Improve documentation

.github/workflows/build.yaml

@@ -4,6 +4,7 @@ on:
   push:
     branches:
       - master
+      - beta
       - dev
       - http-rest
   pull_request:
@@ -31,7 +32,12 @@ jobs:
           echo "::set-output name=version::$(cat VERSION)"
       - name: Set repo
         id: repo
-        run: if [[ $GITHUB_REF == "refs/heads/master" ]]; then echo "::set-output name=repo::${DOCKER_REPO}"; else echo "::set-output name=repo::${DOCKER_REPO_DEV}"; fi
+        run: |
+          if [[ $GITHUB_REF == "refs/heads/master" || $GITHUB_REF == "refs/heads/beta" ]]; then
+            echo "::set-output name=repo::${DOCKER_REPO}"
+          else
+            echo "::set-output name=repo::${DOCKER_REPO_DEV}"
+          fi
       - name: Docker meta
         id: docker_meta
         uses: crazy-max/ghaction-docker-meta@v1
@@ -64,13 +70,13 @@ jobs:
           sarif_file: ${{ steps.scan.outputs.sarif }}
       - name: Login to DockerHub
         uses: docker/login-action@v1
-        if: ${{ github.event_name != 'pull_request' && github.ref == 'refs/heads/master' }}
+        if: ${{ github.event_name != 'pull_request' && steps.repo.outputs.repo == ${DOCKER_REPO} }}
         with:
           username: ${{ secrets.REGISTRY_USERNAME }}
           password: ${{ secrets.REGISTRY_PASSWORD }}
       - name: Login to GitHub Container Registry
         uses: docker/login-action@v1
-        if: ${{ github.event_name != 'pull_request' && github.ref != 'refs/heads/master' }}
+        if: ${{ github.event_name != 'pull_request' && steps.repo.outputs.repo == ${DOCKER_REPO_DEV} }}
         with:
           registry: ghcr.io
           username: ${{ github.repository_owner }}
@@ -83,6 +89,5 @@ jobs:
           tags: |
             ${{ steps.repo.outputs.repo }}:beta
             ${{ steps.repo.outputs.repo }}:${{ steps.version.outputs.version }}
-            ${{ steps.repo.outputs.repo }}:${{ steps.version.outputs.bridge_version }}-${{ steps.version.outputs.version }}
           labels: ${{ steps.docker_meta.outputs.labels }}
           push: ${{ github.event_name != 'pull_request' }}

README.md

@@ -12,11 +12,82 @@ Docker Hub: [https://hub.docker.com/r/shenxn/protonmail-bridge](https://hub.dock
 
 GitHub: [https://github.com/shenxn/protonmail-bridge-docker](https://github.com/shenxn/protonmail-bridge-docker)
 
-## ARM Support
+## ProtonMail Bridge Docker 2.0 Announcement
 
-We now support ARM devices (`arm64` and `arm/v7`)! Use the images tagged with `build`. See next section for details.

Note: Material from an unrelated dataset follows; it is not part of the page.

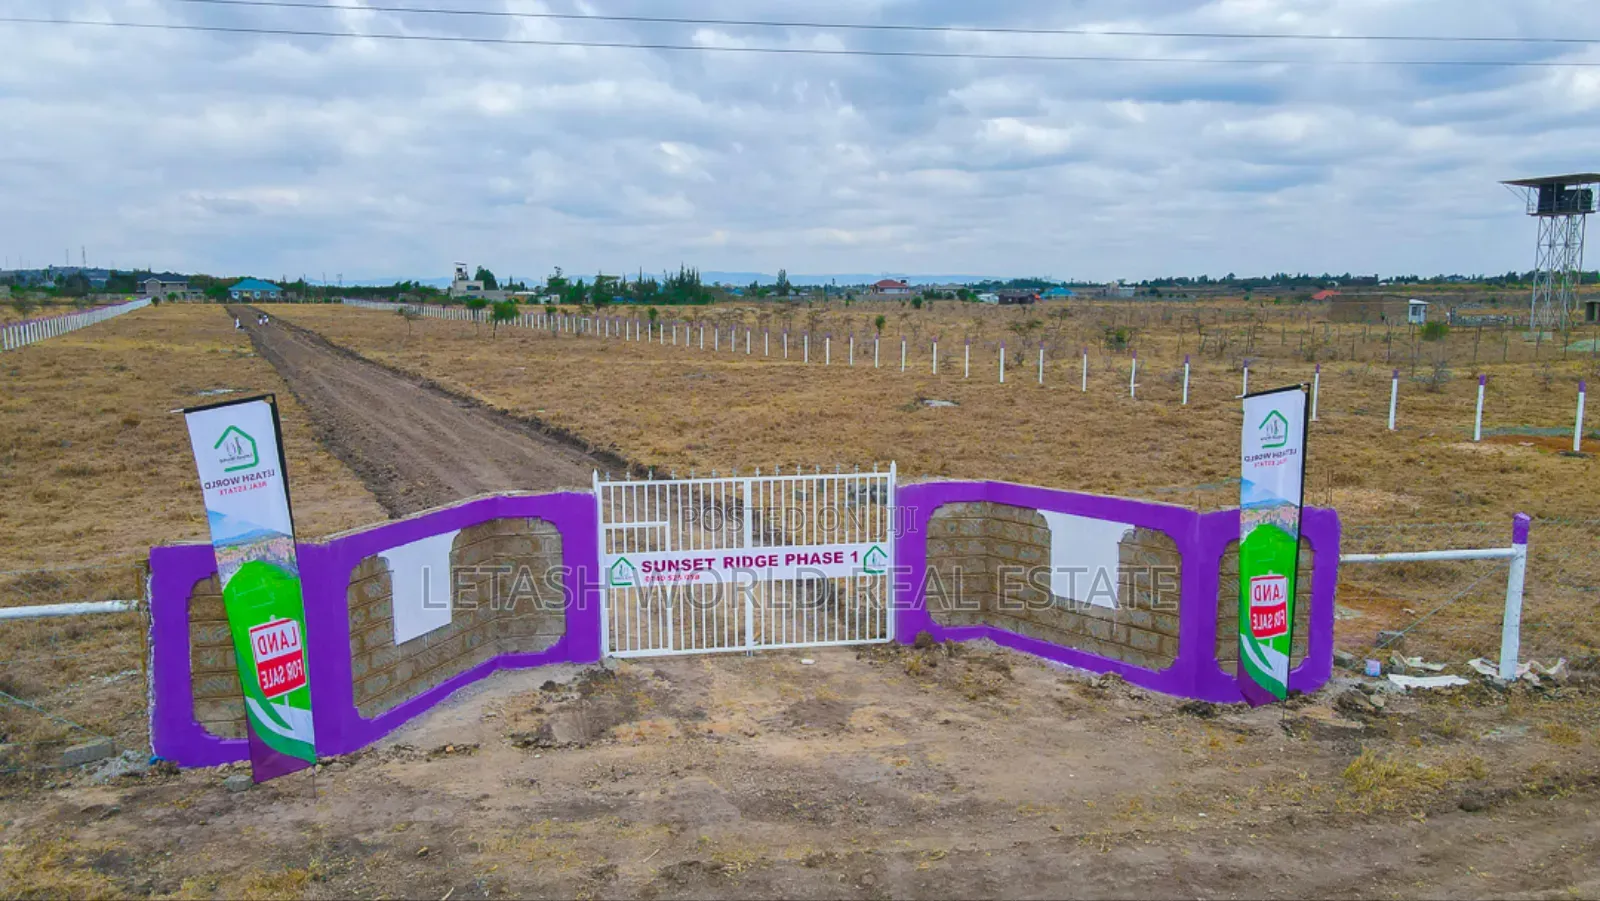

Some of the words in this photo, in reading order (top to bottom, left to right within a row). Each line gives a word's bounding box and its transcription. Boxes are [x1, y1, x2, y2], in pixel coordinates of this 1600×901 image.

+ProtonMail Bridge Docker 2.0 uses a completely different approach that makes the whole container much easier to use. First of all, it now supports setting up with environmental variables only. No longer messing with terminal commands. Secondly, it now provides a easy way to interact with the bridge, include getting account information, adding, and removing accounts, all after the first initialization. This version is now in beta. Feel free to test it by using the `beta` tag (`shenxn/protonmail-bridge:beta`).
 
-## Tags
+### Environmental Variables
+
+name | default | description
+ -- | -- | --
+`PROTON_USERNAME` | | Username of your Proton account.
+`PROTON_PASSWORD` | | Password of your Proton account.

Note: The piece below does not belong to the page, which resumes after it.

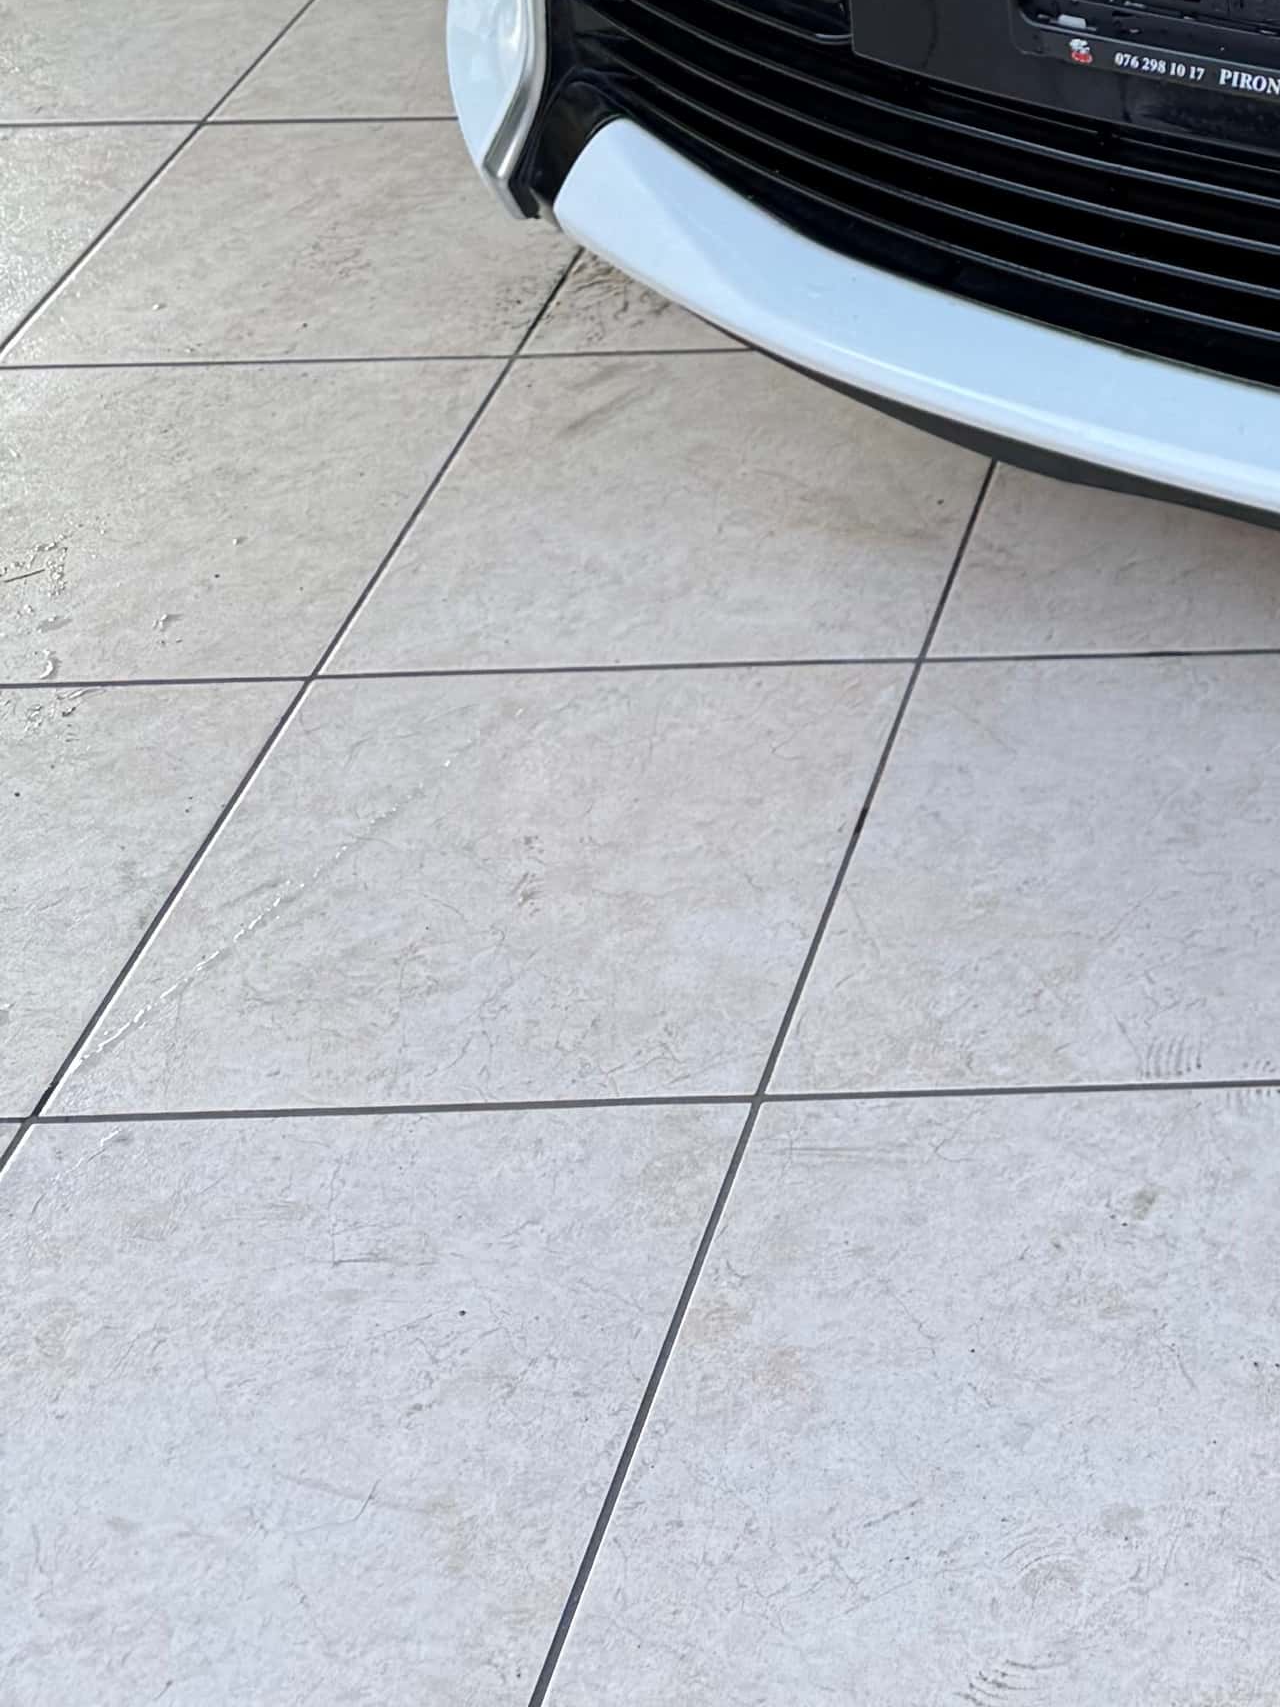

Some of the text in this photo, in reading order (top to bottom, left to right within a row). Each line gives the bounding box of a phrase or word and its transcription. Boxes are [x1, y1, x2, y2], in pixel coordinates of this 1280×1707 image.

[1114, 52, 1139, 68] 076
[1142, 57, 1166, 75] 298
[1170, 62, 1186, 77] 10
[1190, 66, 1206, 81] 17

+`PROTON_2FA` | | Two-factor authentication code of your Proton account. Only needed if you have two factor authentication enabled.
+`PROTON_MAILBOX_PASSWORD` | | Mailbox password of your Proton account. Only needed if you have two-password mode enabled.

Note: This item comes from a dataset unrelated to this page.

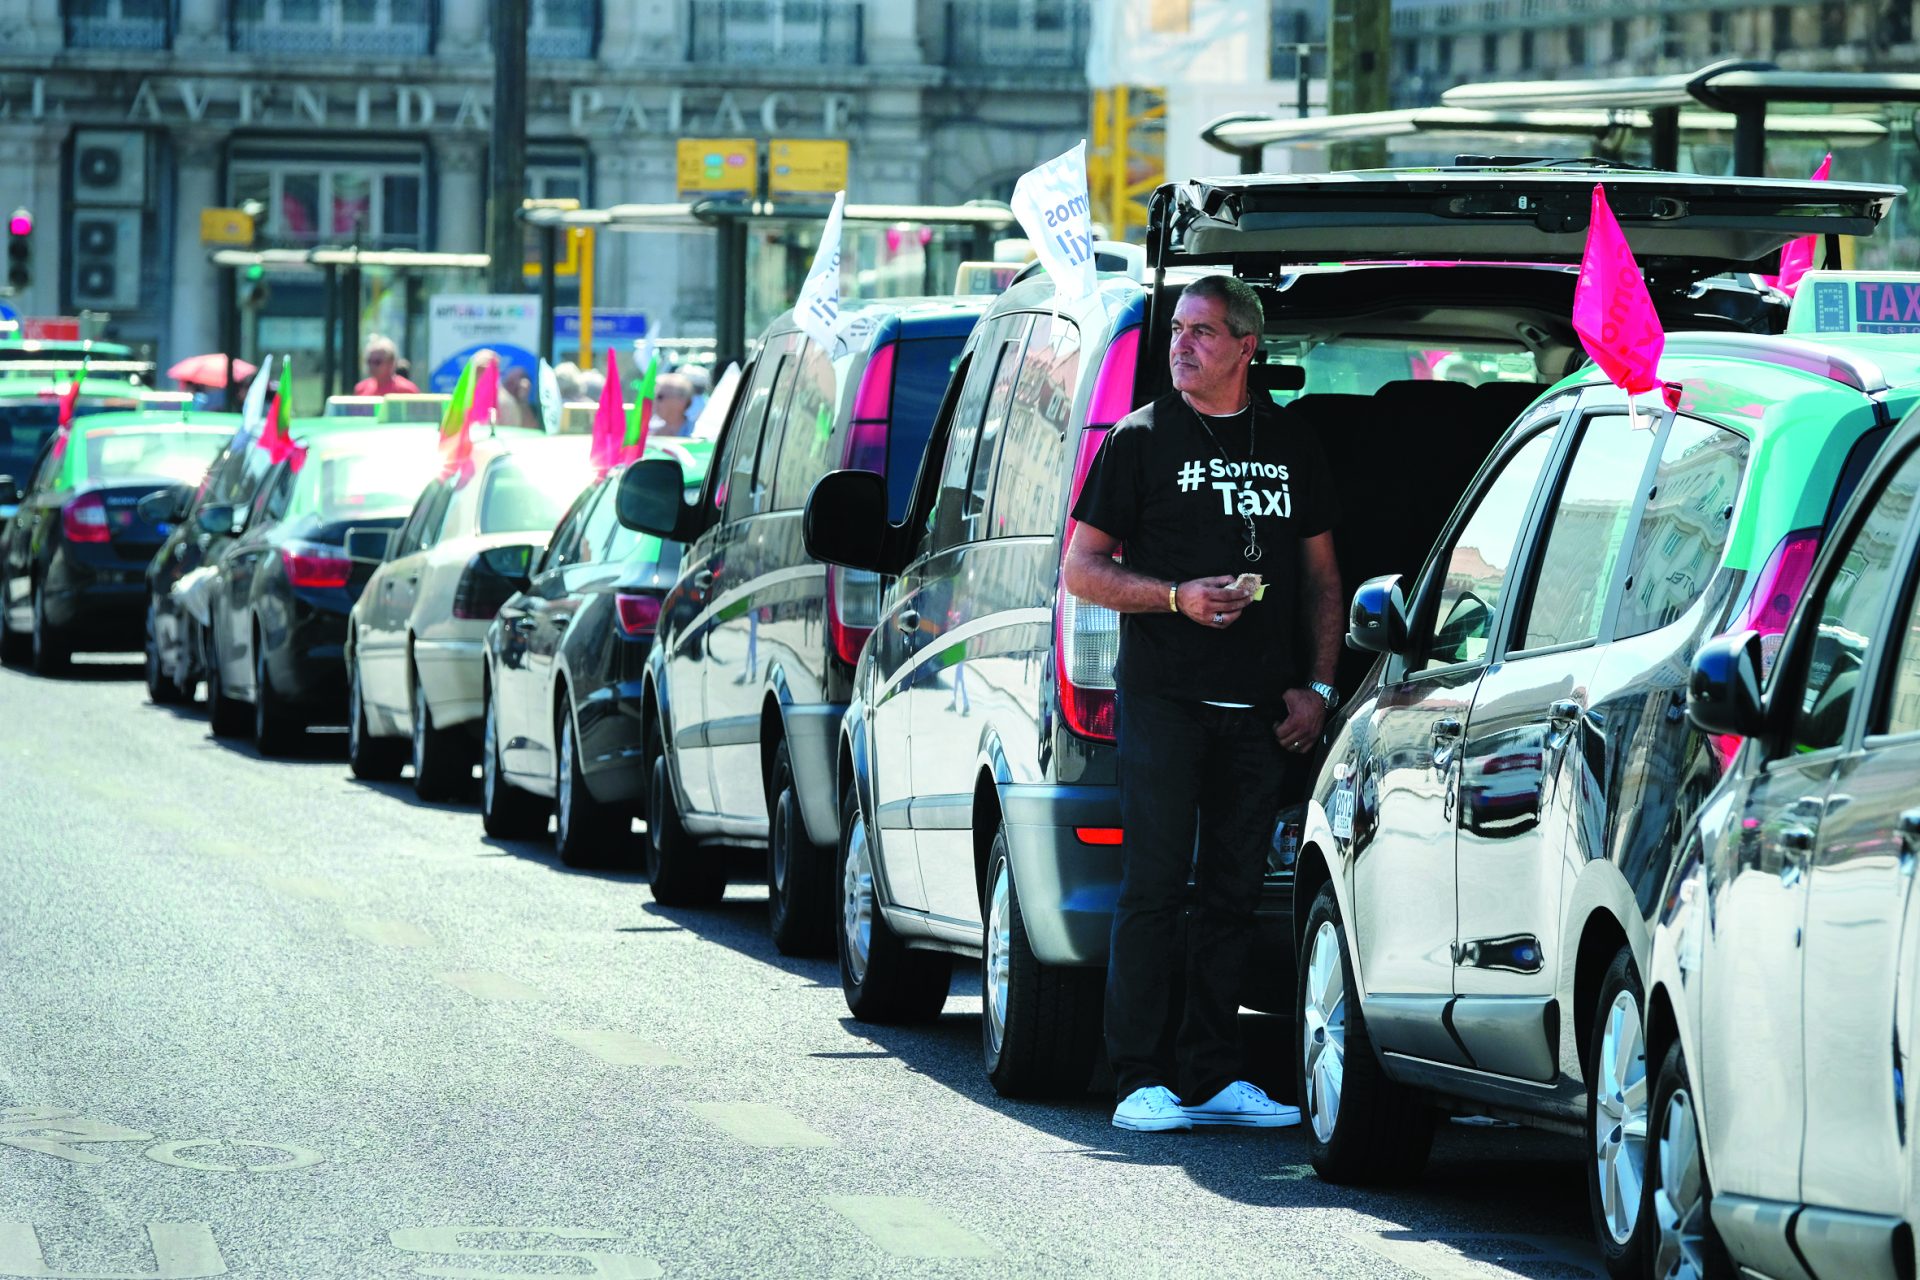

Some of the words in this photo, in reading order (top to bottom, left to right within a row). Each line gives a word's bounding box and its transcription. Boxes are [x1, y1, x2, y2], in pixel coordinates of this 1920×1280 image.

[126, 79, 489, 131] AVENIDA
[569, 87, 858, 134] PALACE
[1211, 480, 1291, 518] Táxi
[1335, 792, 1353, 818] 2012

+`PROTON_PRINT_ACCOUNT_INFO` | `true` | Whether to print the local connection information (username, password, ports, security, etc.) on successful auto logins. Set to `false` to turn it off.
+`PROTON_IMAP_PORT` | `25` | IMAP port of the bridge.
+`PROTON_SMTP_PORT` | `143` | SMTP port of the bridge.
+`PROTON_SMTP_SECURITY` | `STARTTLS` | Connection security of SMTP. Can be set to `STARTTLS` or `SSL`.
+`PROTON_MANAGEMENT_PORT` | `1080` | Port of the management HTTP server.
+`PROTON_ALLOW_PROXY` | `true` | Allow or disallow the Bridge client to securely connect to Proton via a third party when it is being blocked.
+`PROTON_UID` | `1001` | UID of the user to run the bridge.
+`PROTON_GID` | `1001` | GID of the group to run the bridge.
+
+### Data Volume
+
+All data are stored under `/protonmail/data`.
+
+### Auto Login
+
+2.0 comes with auto login, a highly demanded feature. By set `PROTON_USERNAME`, `PROTON_PASSWORD`, `PROTON_2FA`, and `PROTON_MAILBOX_PASSWORD`, the container will automatically add your account to the bridge and print local connection info to the log. Note:
+- The auto login feature only kicks in when the bridge has zero account added. If there is at least one account, auto login will be skipped. Changing the environmental variables will neither add another account to the bridge nor replace the account with the new one. To do so, use [CLI](#cli).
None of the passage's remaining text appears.